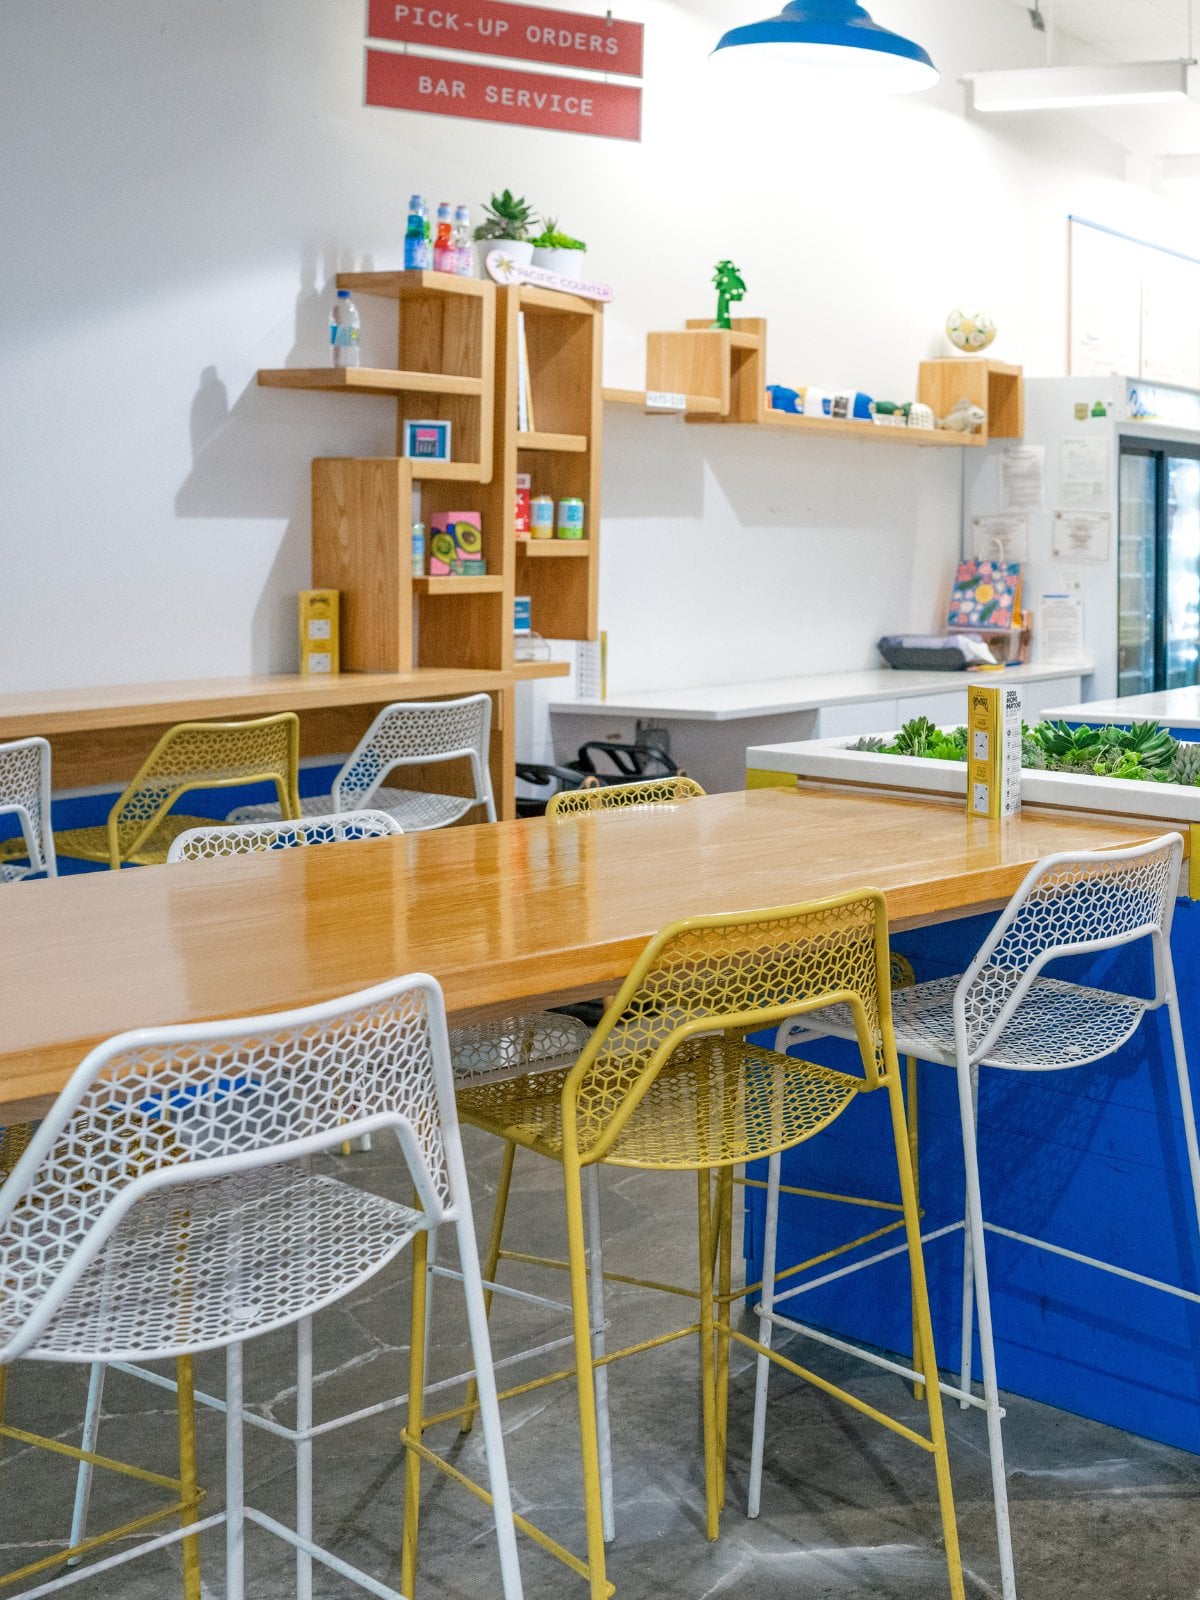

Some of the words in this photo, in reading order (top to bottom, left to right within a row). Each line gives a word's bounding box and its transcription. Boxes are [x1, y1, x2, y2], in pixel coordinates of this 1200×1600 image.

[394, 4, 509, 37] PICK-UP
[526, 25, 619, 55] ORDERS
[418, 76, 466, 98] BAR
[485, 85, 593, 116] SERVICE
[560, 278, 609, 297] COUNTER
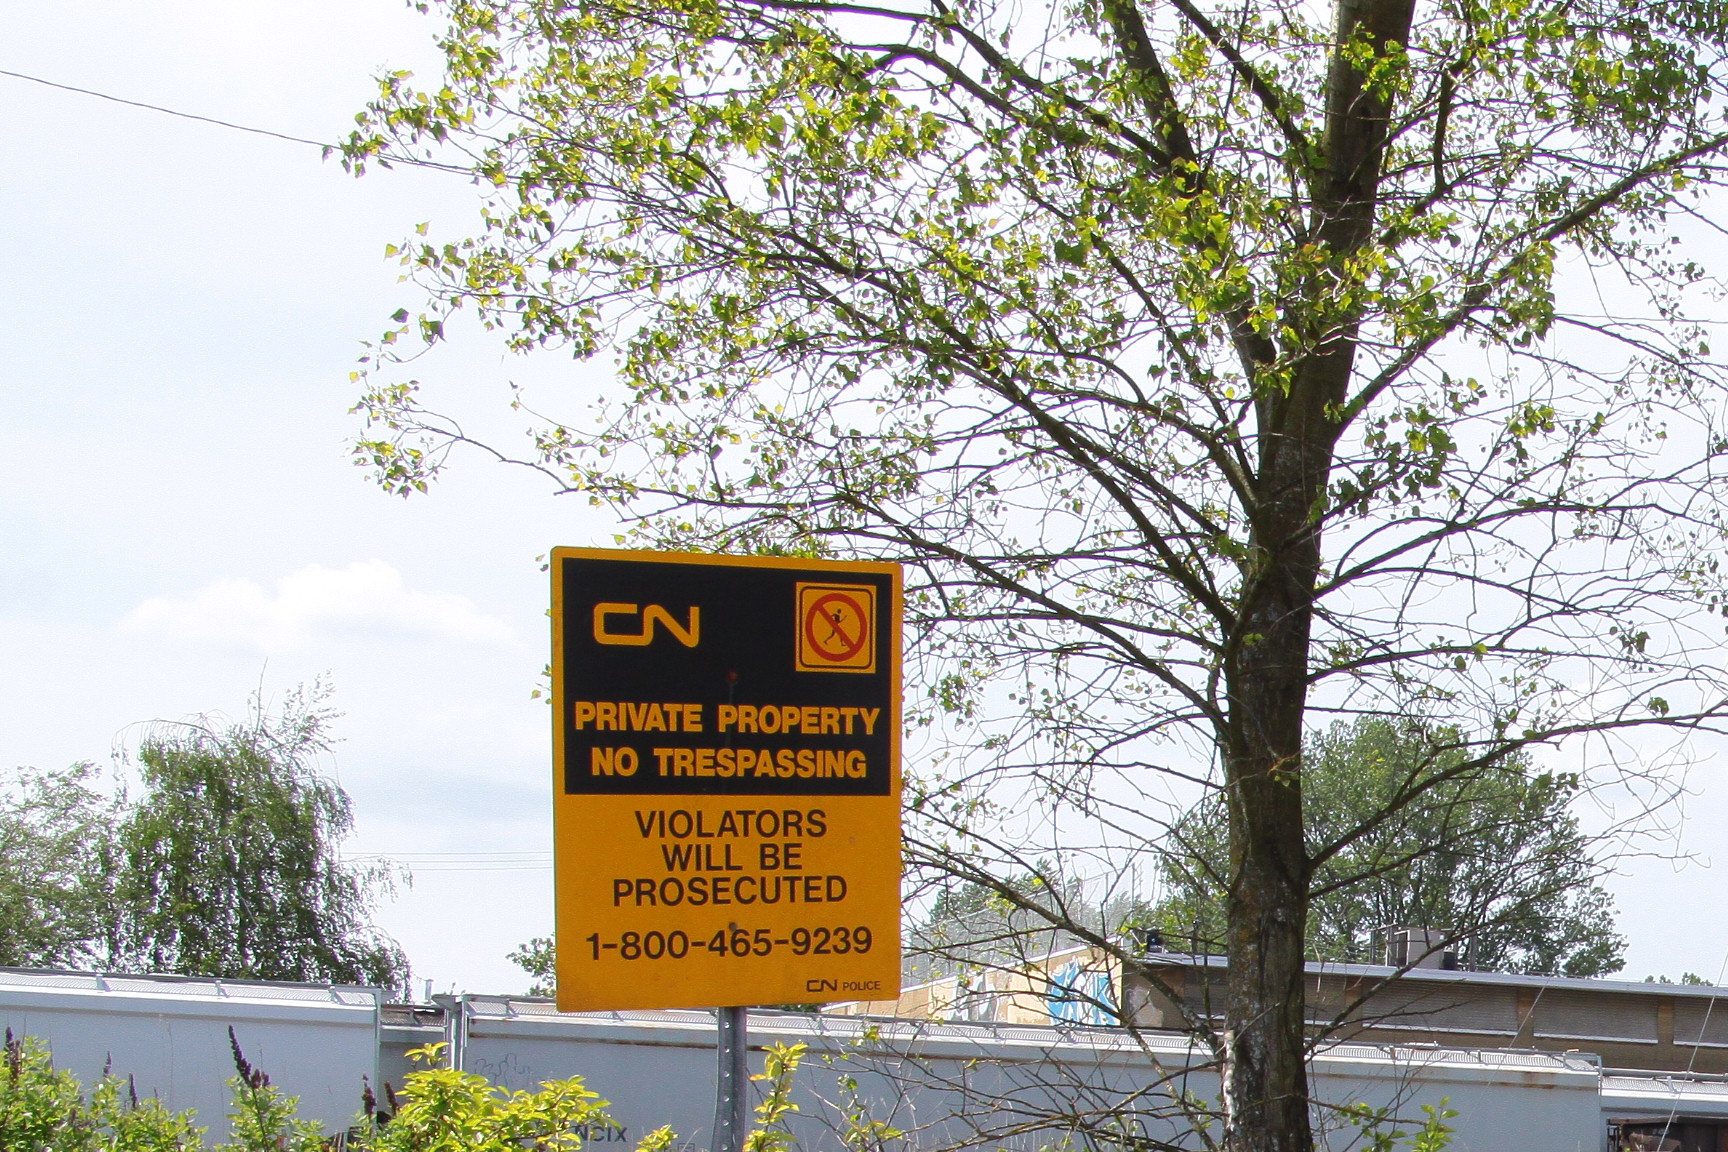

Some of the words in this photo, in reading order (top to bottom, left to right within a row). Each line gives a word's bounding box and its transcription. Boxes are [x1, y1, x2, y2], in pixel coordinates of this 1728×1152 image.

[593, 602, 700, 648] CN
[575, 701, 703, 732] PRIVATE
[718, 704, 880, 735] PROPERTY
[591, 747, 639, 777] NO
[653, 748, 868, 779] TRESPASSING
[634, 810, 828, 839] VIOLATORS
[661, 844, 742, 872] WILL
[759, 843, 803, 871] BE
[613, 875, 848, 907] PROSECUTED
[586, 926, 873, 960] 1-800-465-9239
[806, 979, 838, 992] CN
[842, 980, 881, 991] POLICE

+++++

§ **Task requirements**:
For the lines from the one containing "this 1728×1152 image." through the end of the listing above, output each exactly and leave out the rest.

§ **Result of the exercise**:
Some of the words in this photo, in reading order (top to bottom, left to right within a row). Each line gives a word's bounding box and its transcription. Boxes are [x1, y1, x2, y2], in pixel coordinates of this 1728×1152 image.

[593, 602, 700, 648] CN
[575, 701, 703, 732] PRIVATE
[718, 704, 880, 735] PROPERTY
[591, 747, 639, 777] NO
[653, 748, 868, 779] TRESPASSING
[634, 810, 828, 839] VIOLATORS
[661, 844, 742, 872] WILL
[759, 843, 803, 871] BE
[613, 875, 848, 907] PROSECUTED
[586, 926, 873, 960] 1-800-465-9239
[806, 979, 838, 992] CN
[842, 980, 881, 991] POLICE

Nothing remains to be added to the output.